On February 19, 1788, the poet William Cowper wrote to his friend and minister John Newton, thanking him for his recently published Thoughts upon the African Slave Trade. And while Cowper commends Newton's important contribution to the antislavery cause, he admits that this subject leads him to become "lost in mazes of speculation never to be unravell'd" regarding how divine justice could allow "millions of that unhappy race" to experience such misery and injustice:

Is it to be esteem'd a sufficient vindication of divine justice, if these miserable creatures, tormented as they have been from generation to generation, shall at last receive some relief, some abatement of their woes, shall not be treated absolutely as brutes for the future? The thousands of them who have already passed into an eternal state, hopeless of any thing better than they found in this life, what is to become of Them? Is it essential to the perfection of a plan concerted by infinite wisdom, that such wretches should exist at all, who from the beginning of their Being through all its endless duration can experience nothing for which they should say, It is good for us that we were created?

(Letters 106)

Cowper knows that he ought to be content with the Calvinist answer that "God is Sovereign," but he confesses that because he has doubted God's sovereignty regarding his own life, he is no longer satisfied with this solution. Pondering the problem of African slavery now leads Cowper to feel "[a] wish that I had never been. A wonder that I am. And an ardent but hopeless desire not to be" (Letters 107).1

Cowper's deep angst concerning the plight of the Africans and his resultant theological dilemma illustrates the widespread concern that the [End Page 561] British evangelical community felt during the late eighteenth century over the injustice of the slave trade.

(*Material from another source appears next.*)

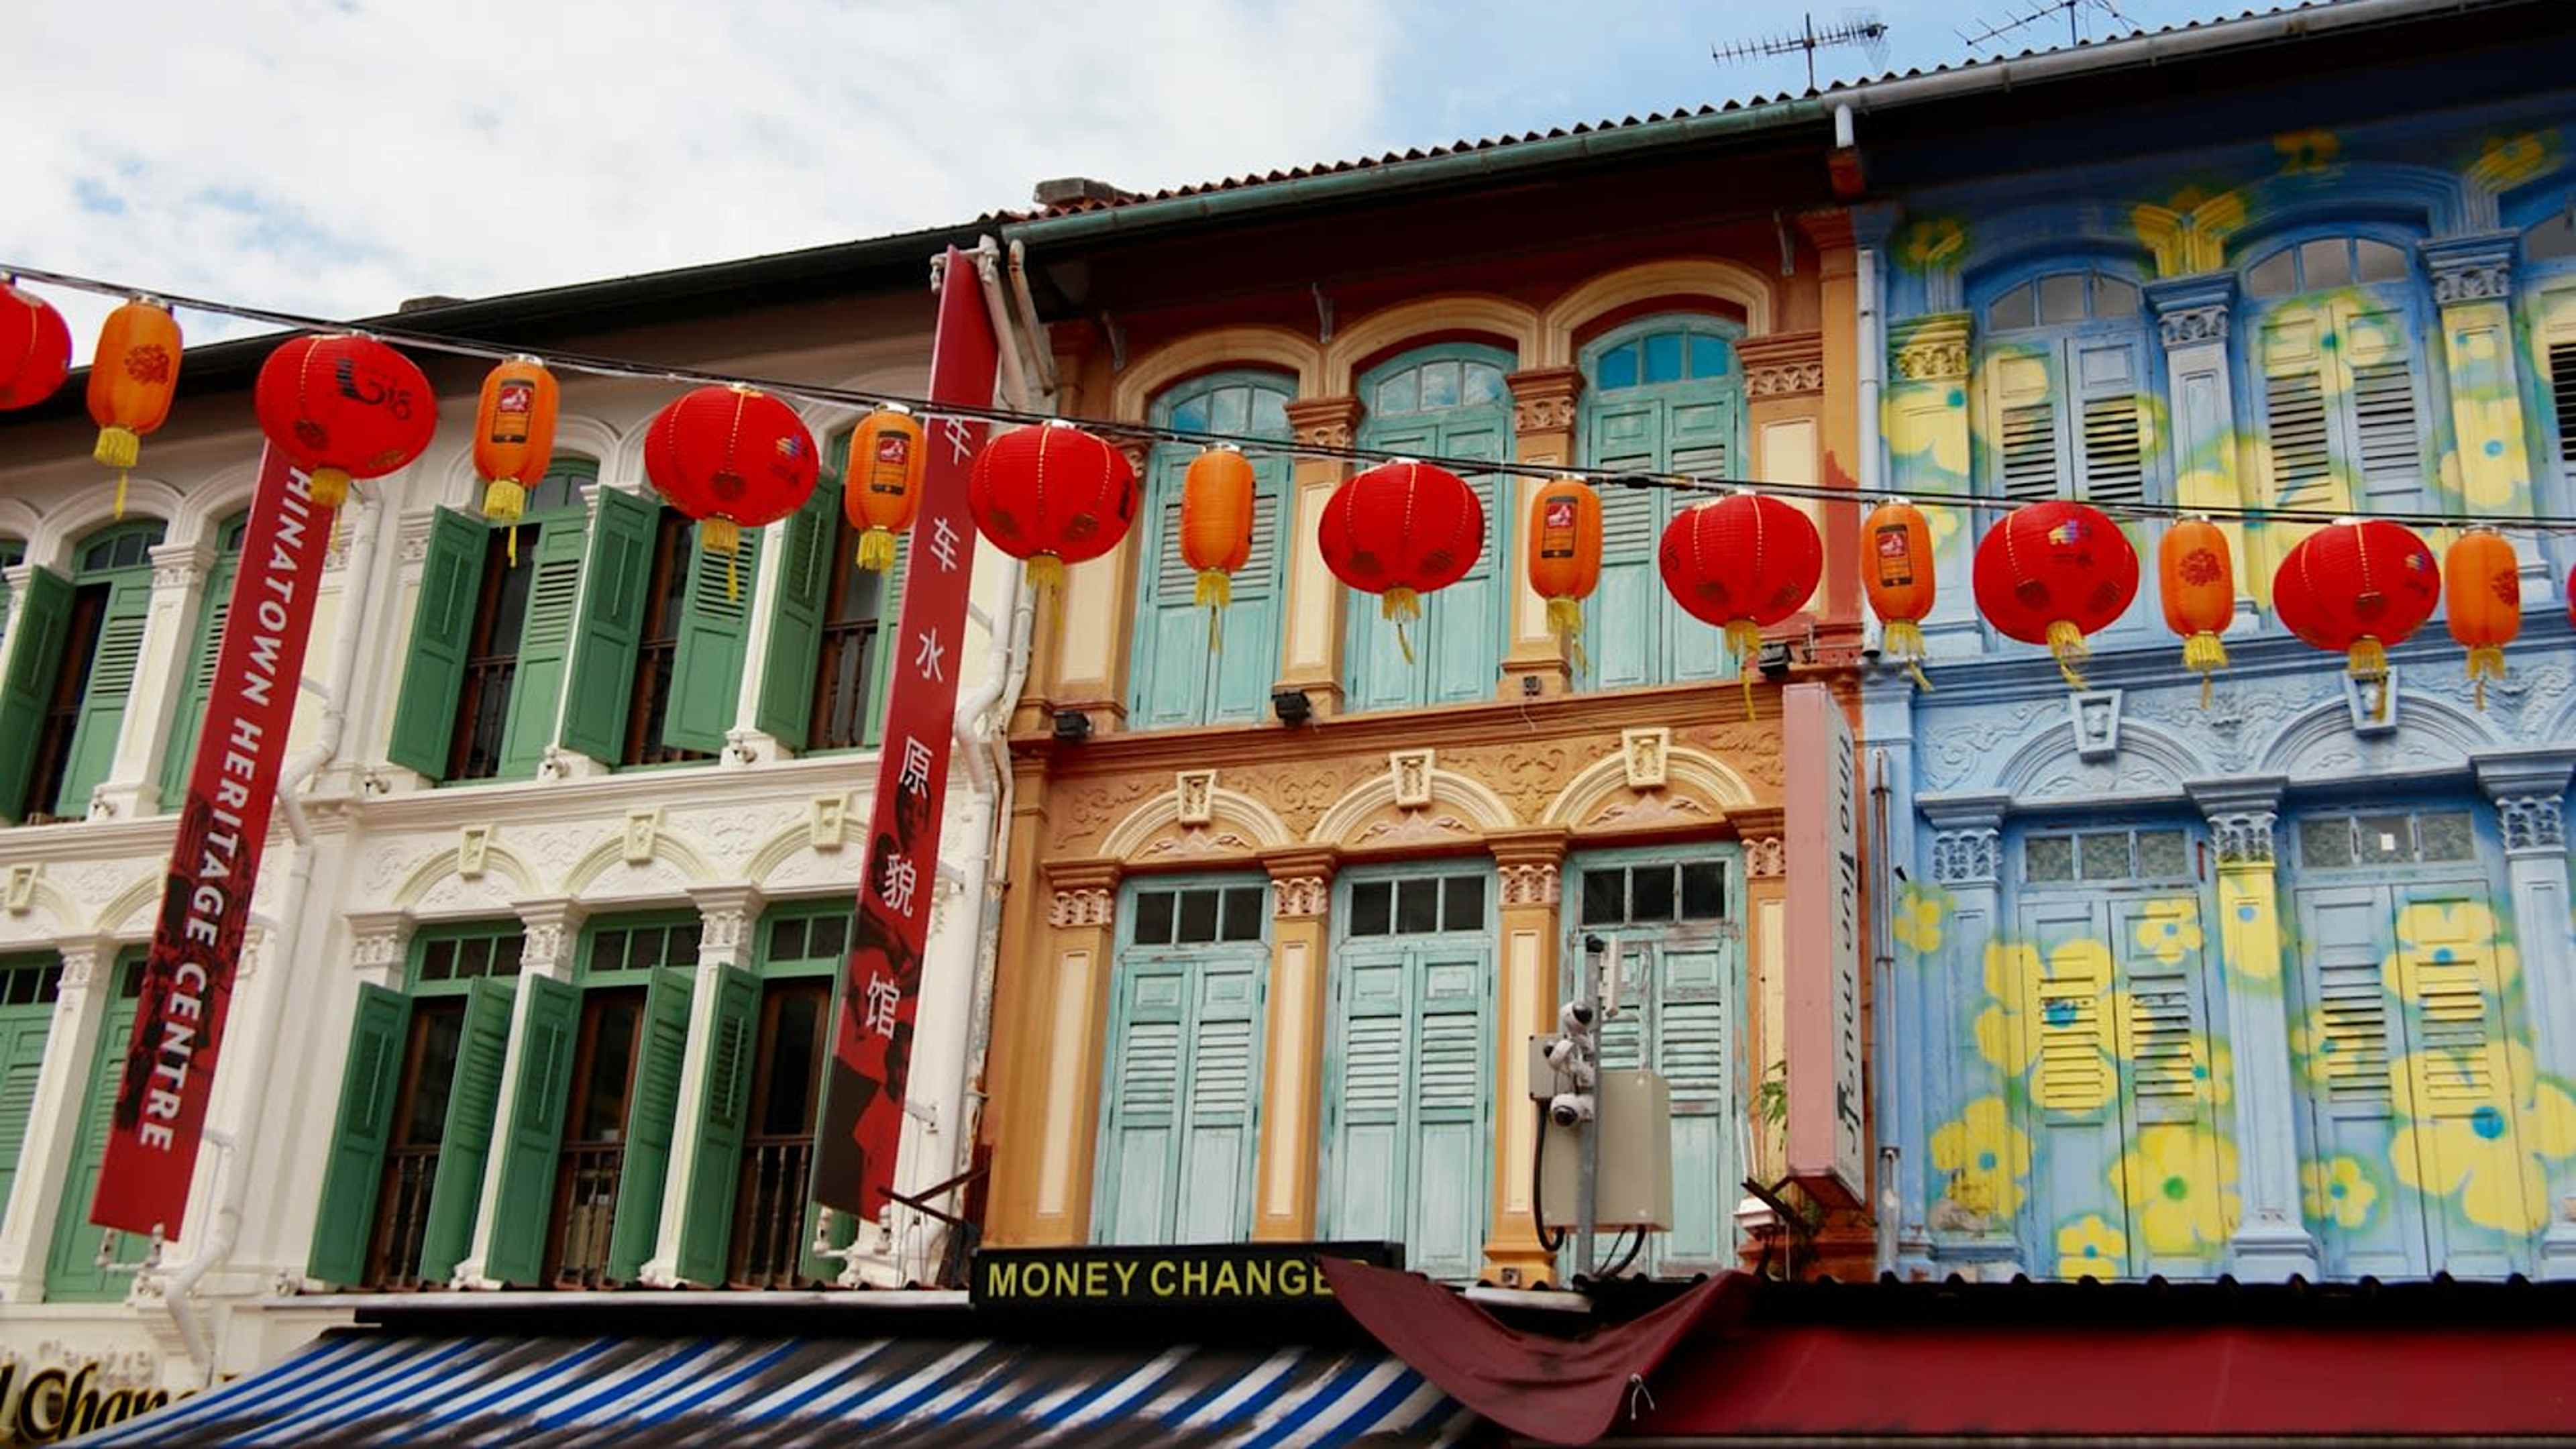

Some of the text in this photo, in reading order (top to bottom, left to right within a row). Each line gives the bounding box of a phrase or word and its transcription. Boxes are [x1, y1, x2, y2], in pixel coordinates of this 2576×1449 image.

[140, 466, 313, 1152] HINATOWN HERITAGE CENTRE
[987, 1258, 1368, 1297] MONEY CHANGE
[19, 1361, 199, 1442] Cha

Both Newton and Cowper contributed to the evangelical rhetoric employed by the antislavery movement as it sought to clarify the terms of Christian redemption: individuals were saved not by their race, their economic standing, their culture, or their good works but rather by the transformative grace of God. This Calvinist, evangelical definition of redemption provided a religious rationale for racial equality, but it failed to answer the more difficult questions regarding theodicy that Cowper raises in his letter to Newton: How can a just God allow a practice as evil as the slave trade? What was God's purpose in creating a whole race of people who would never hear the gospel? Another poet was asking these same questions on the other side of the Atlantic. Phillis Wheatley had been brought to America as a slave at the age of seven. She was bought by an evangelical family with connections to the same transatlantic community to which Cowper and Newton belonged, and her poems addressed these same theological problems raised by racial slavery. I suggest that Phillis Wheatley's story and poetry offer potential answers to these questions and that Newton and Cowper grappled with similar proposals in their antislavery poems, ultimately adopting a rhetorical approach similar to Wheatley's concerning the first question of why God would allow the slave trade while they remained unable to follow her answer to the second, regarding whether God could save Africans who had never heard the gospel.

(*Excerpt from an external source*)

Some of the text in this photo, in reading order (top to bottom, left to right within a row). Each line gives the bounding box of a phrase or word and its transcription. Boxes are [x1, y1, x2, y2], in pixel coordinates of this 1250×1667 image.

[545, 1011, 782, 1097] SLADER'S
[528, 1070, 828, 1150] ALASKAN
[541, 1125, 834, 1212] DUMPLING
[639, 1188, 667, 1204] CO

Four of Wheatley's early poems—"On the Death of the Rev. Mr. George Whitefield," "To the Right Honourable William, Earl of Dartmouth," "On Being Brought from Africa to America," and "On Recollection"—outline her theodicy regarding the slave trade. In the first three poems, she suggests that while slavery is evil, God nevertheless can bring some good from this evil by bringing hypocritical, white Christians to a place of repentance and then redemption and by bringing the Christian gospel to Africans. By maintaining a clear distinction between the evils of slavery and God's merciful, providential redemption, she offers a way to avoid the imperial Christian rhetoric that some used to rationalize the slave trade. In "On Recollection," Wheatley...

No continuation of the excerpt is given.